| ASSIGNMENT |
Give the lines below again, exactly as they stand, and leave out the images.
--- --- ---
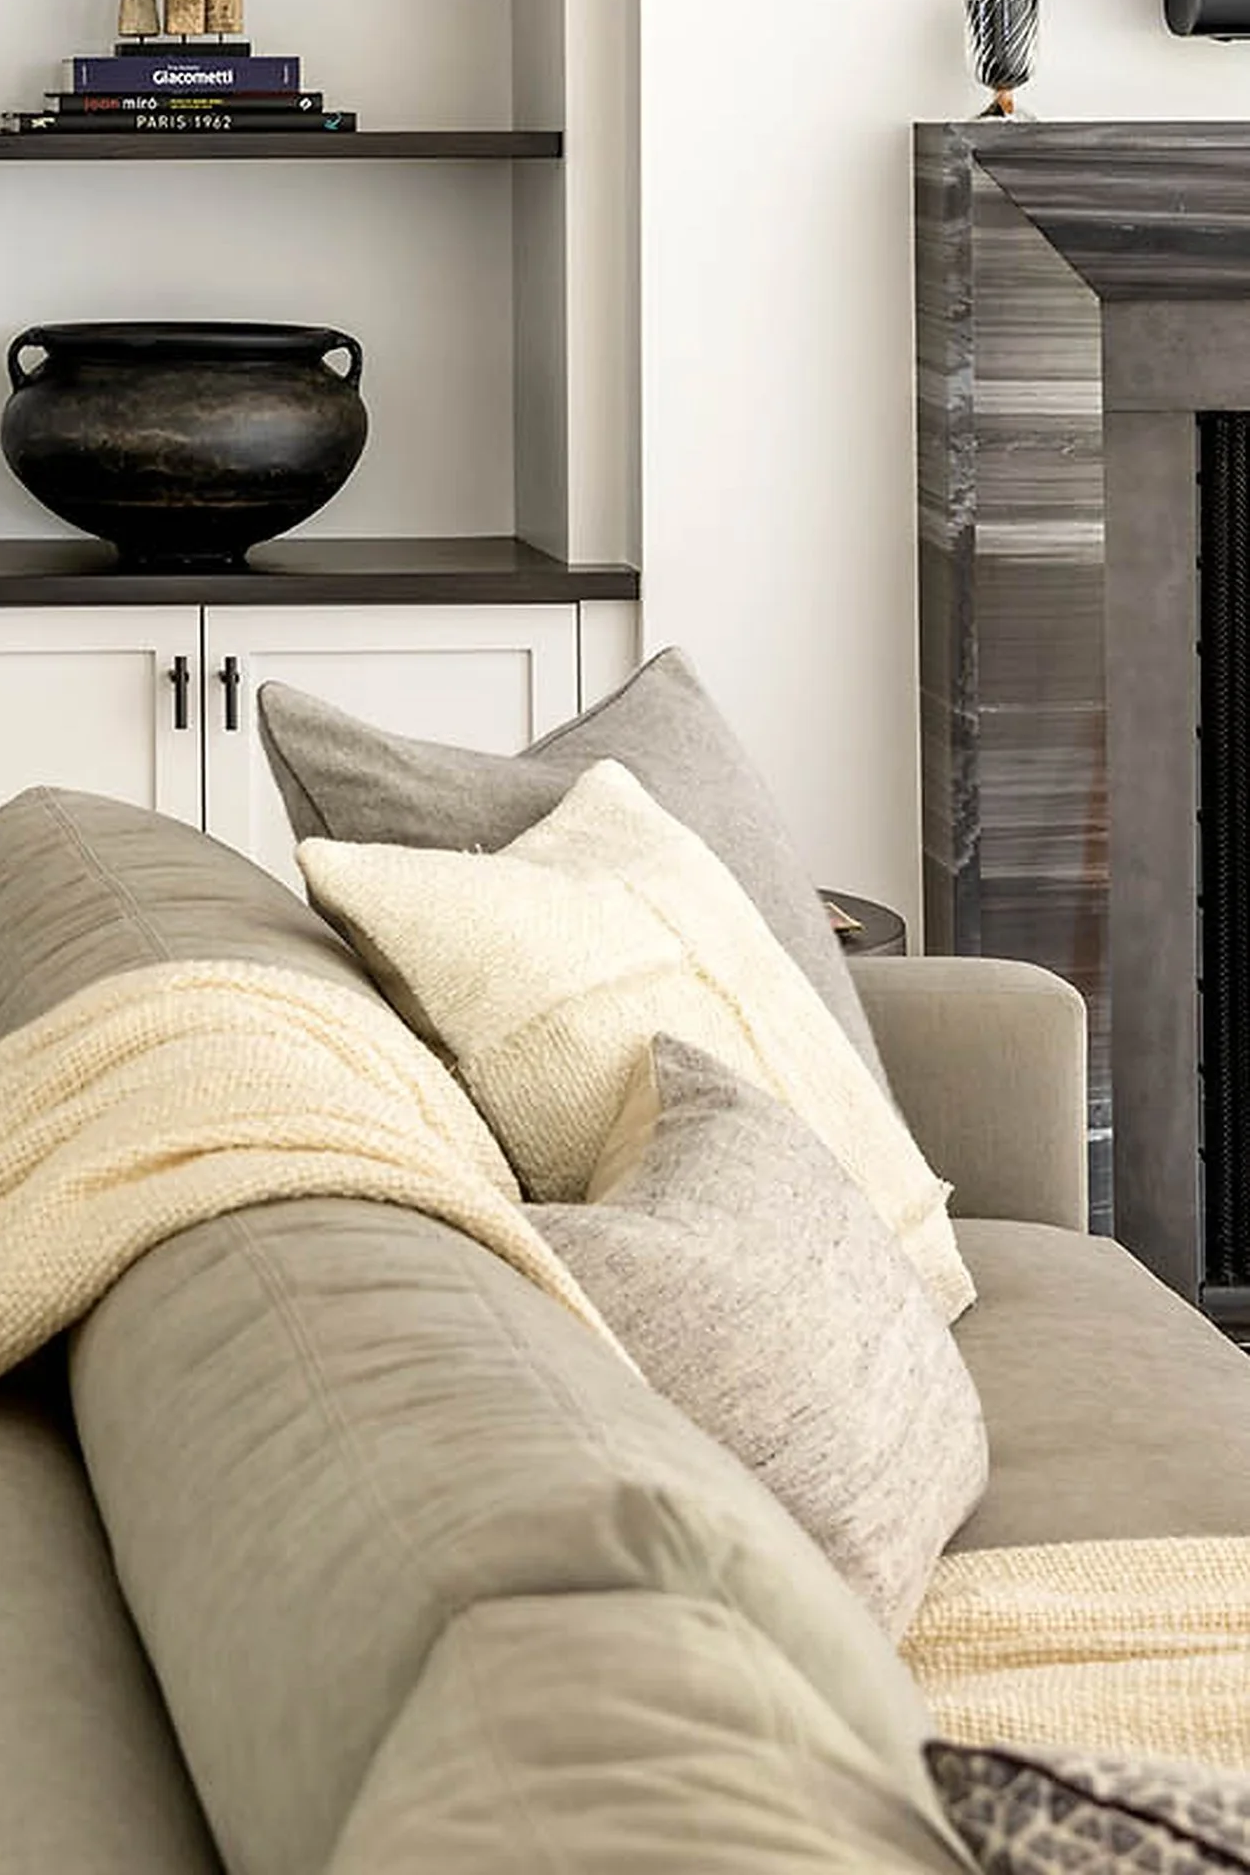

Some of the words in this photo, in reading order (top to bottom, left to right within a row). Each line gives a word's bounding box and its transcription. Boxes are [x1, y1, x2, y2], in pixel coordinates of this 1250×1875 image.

[153, 69, 234, 85] Giacometti
[122, 96, 158, 110] miró
[136, 114, 187, 129] PARIS
[194, 114, 232, 129] 1962
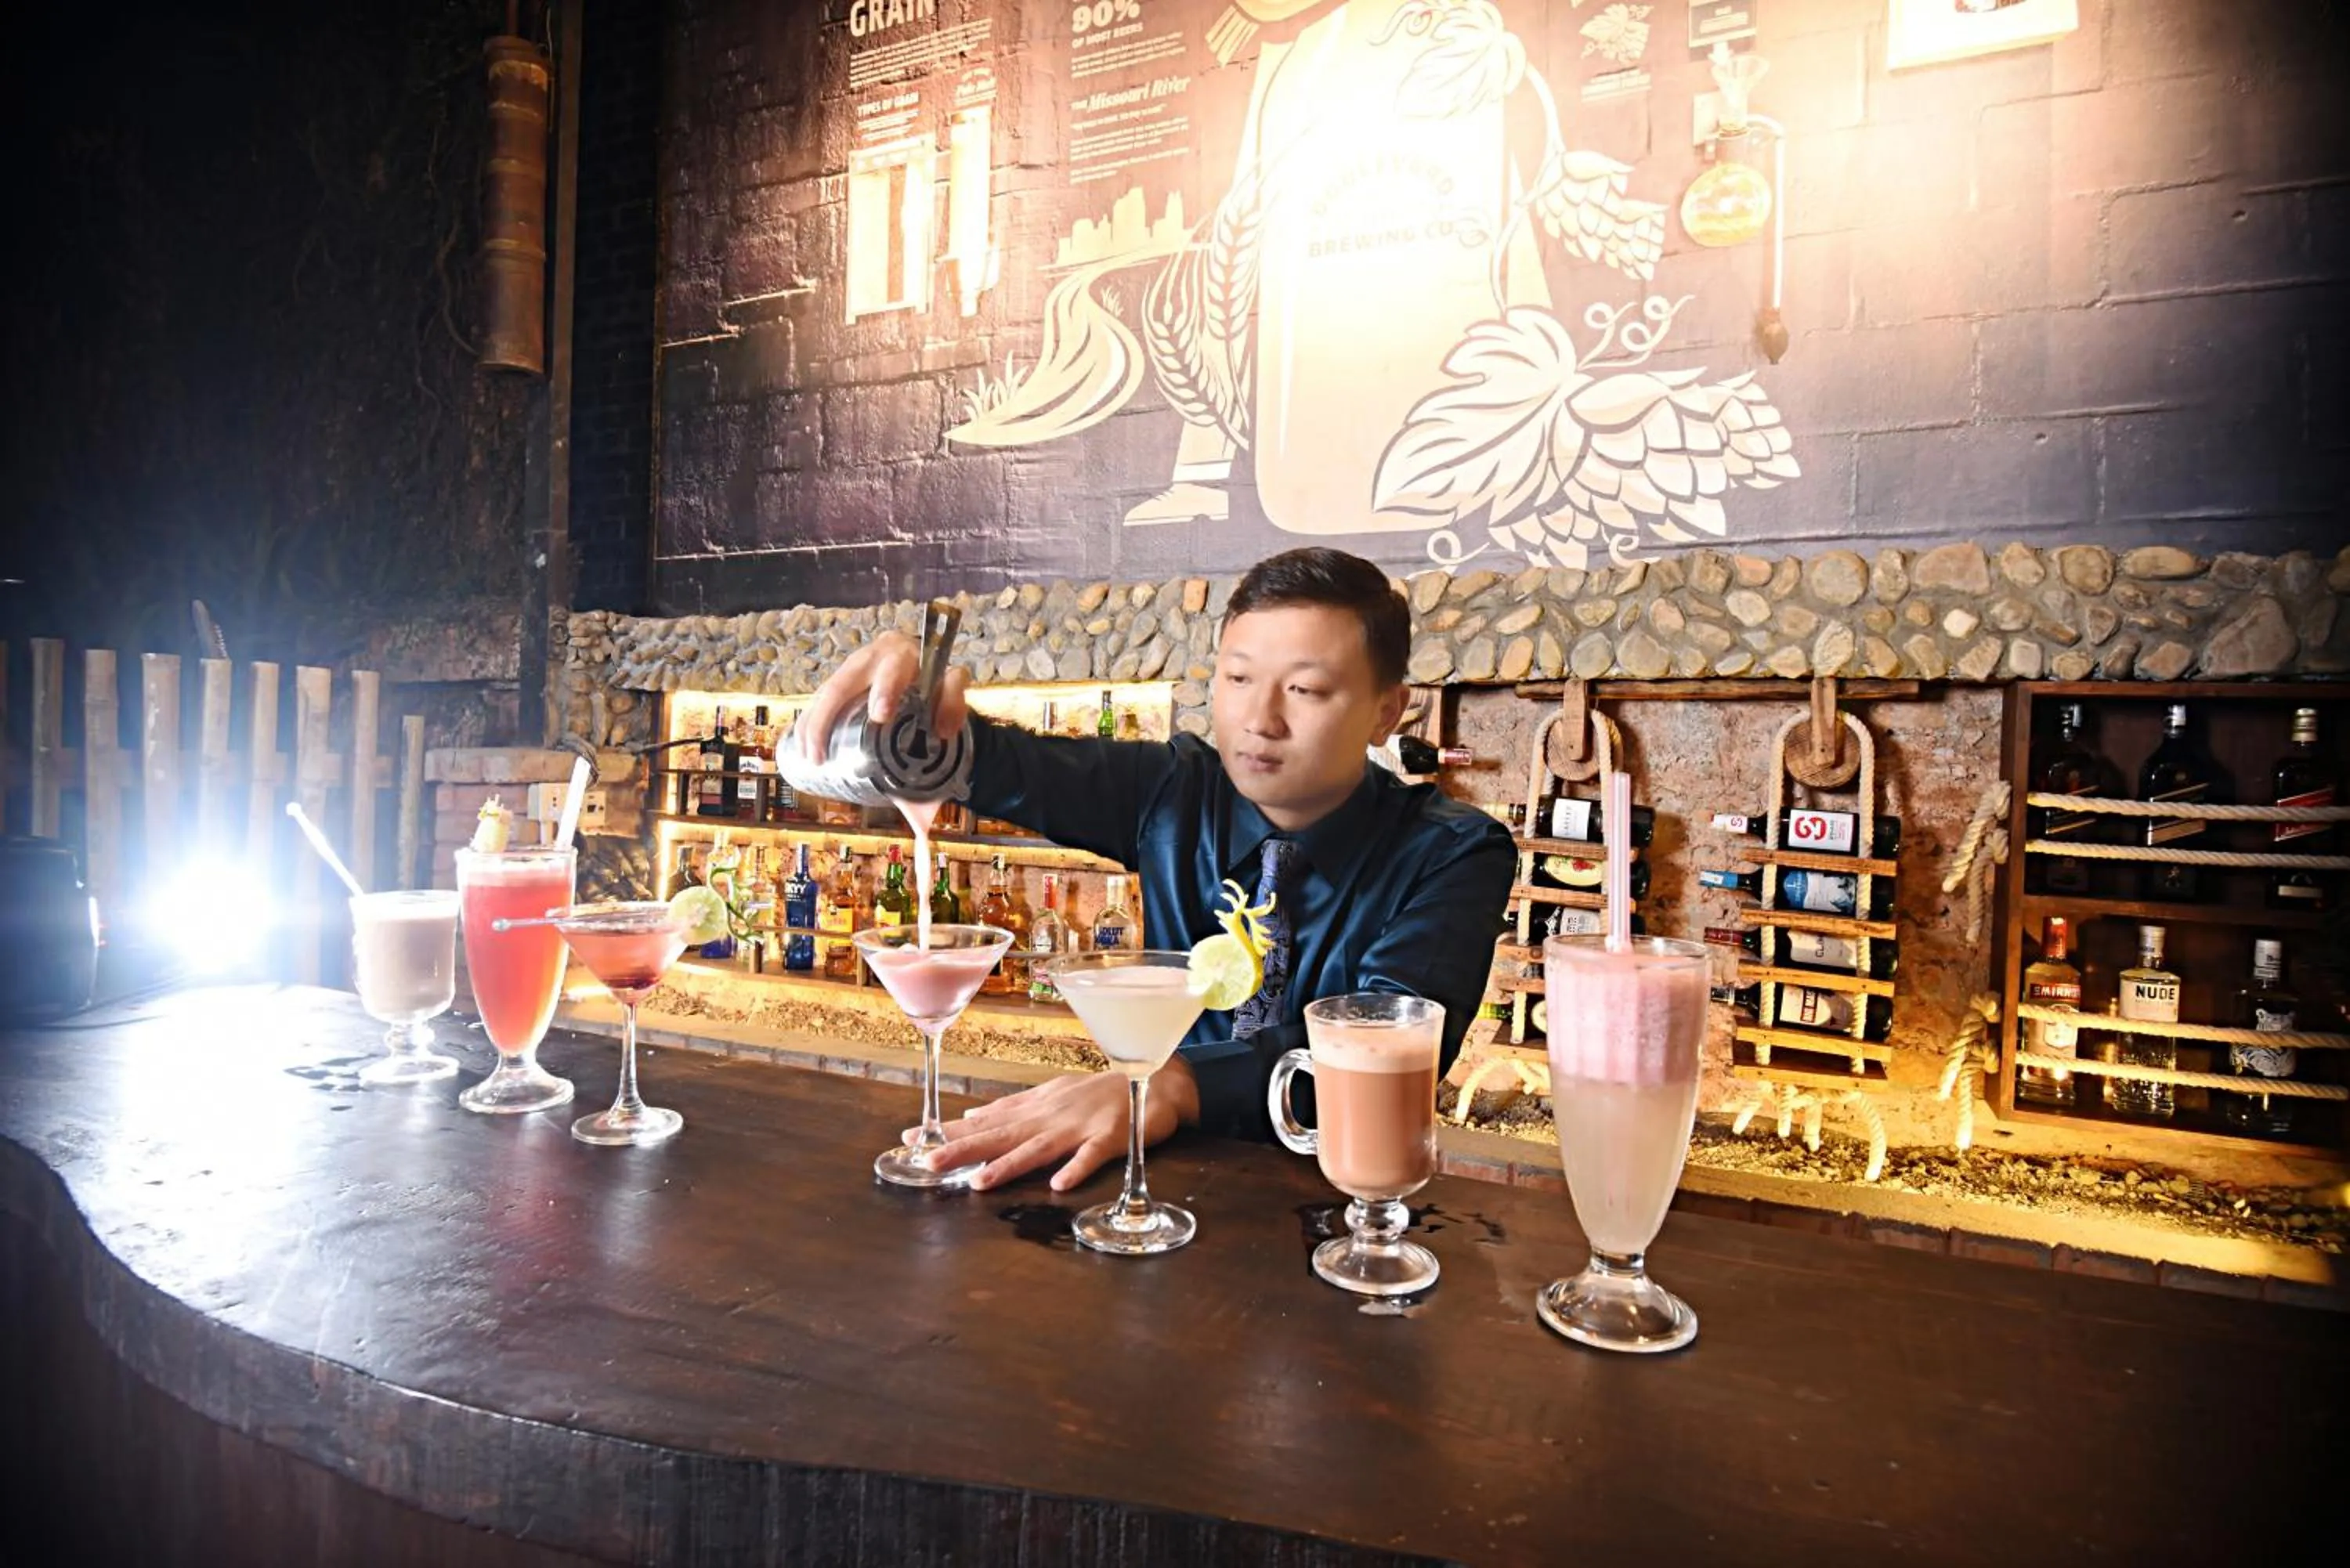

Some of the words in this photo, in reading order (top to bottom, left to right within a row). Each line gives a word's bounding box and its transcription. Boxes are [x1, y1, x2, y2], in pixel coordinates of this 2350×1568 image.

[1072, 0, 1141, 33] 90%
[1086, 82, 1150, 114] Missouri
[1151, 77, 1191, 99] River
[1307, 227, 1416, 258] BREWING
[2136, 985, 2175, 1000] NUDE
--- --- ---
| RESULT |
Some of the words in this photo, in reading order (top to bottom, left to right within a row). Each line gives a word's bounding box and its transcription. Boxes are [x1, y1, x2, y2], in pixel coordinates of this 1250×1875 image.

[153, 69, 234, 85] Giacometti
[122, 96, 158, 110] miró
[136, 114, 187, 129] PARIS
[194, 114, 232, 129] 1962

Some of the words in this photo, in reading order (top to bottom, left to right within a row). Each line gives a word's bounding box and its transcription. Boxes are [x1, y1, x2, y2], in pixel coordinates of this 2350×1568 image.

[1072, 0, 1141, 33] 90%
[1086, 82, 1150, 114] Missouri
[1151, 77, 1191, 99] River
[1307, 227, 1416, 258] BREWING
[2136, 985, 2175, 1000] NUDE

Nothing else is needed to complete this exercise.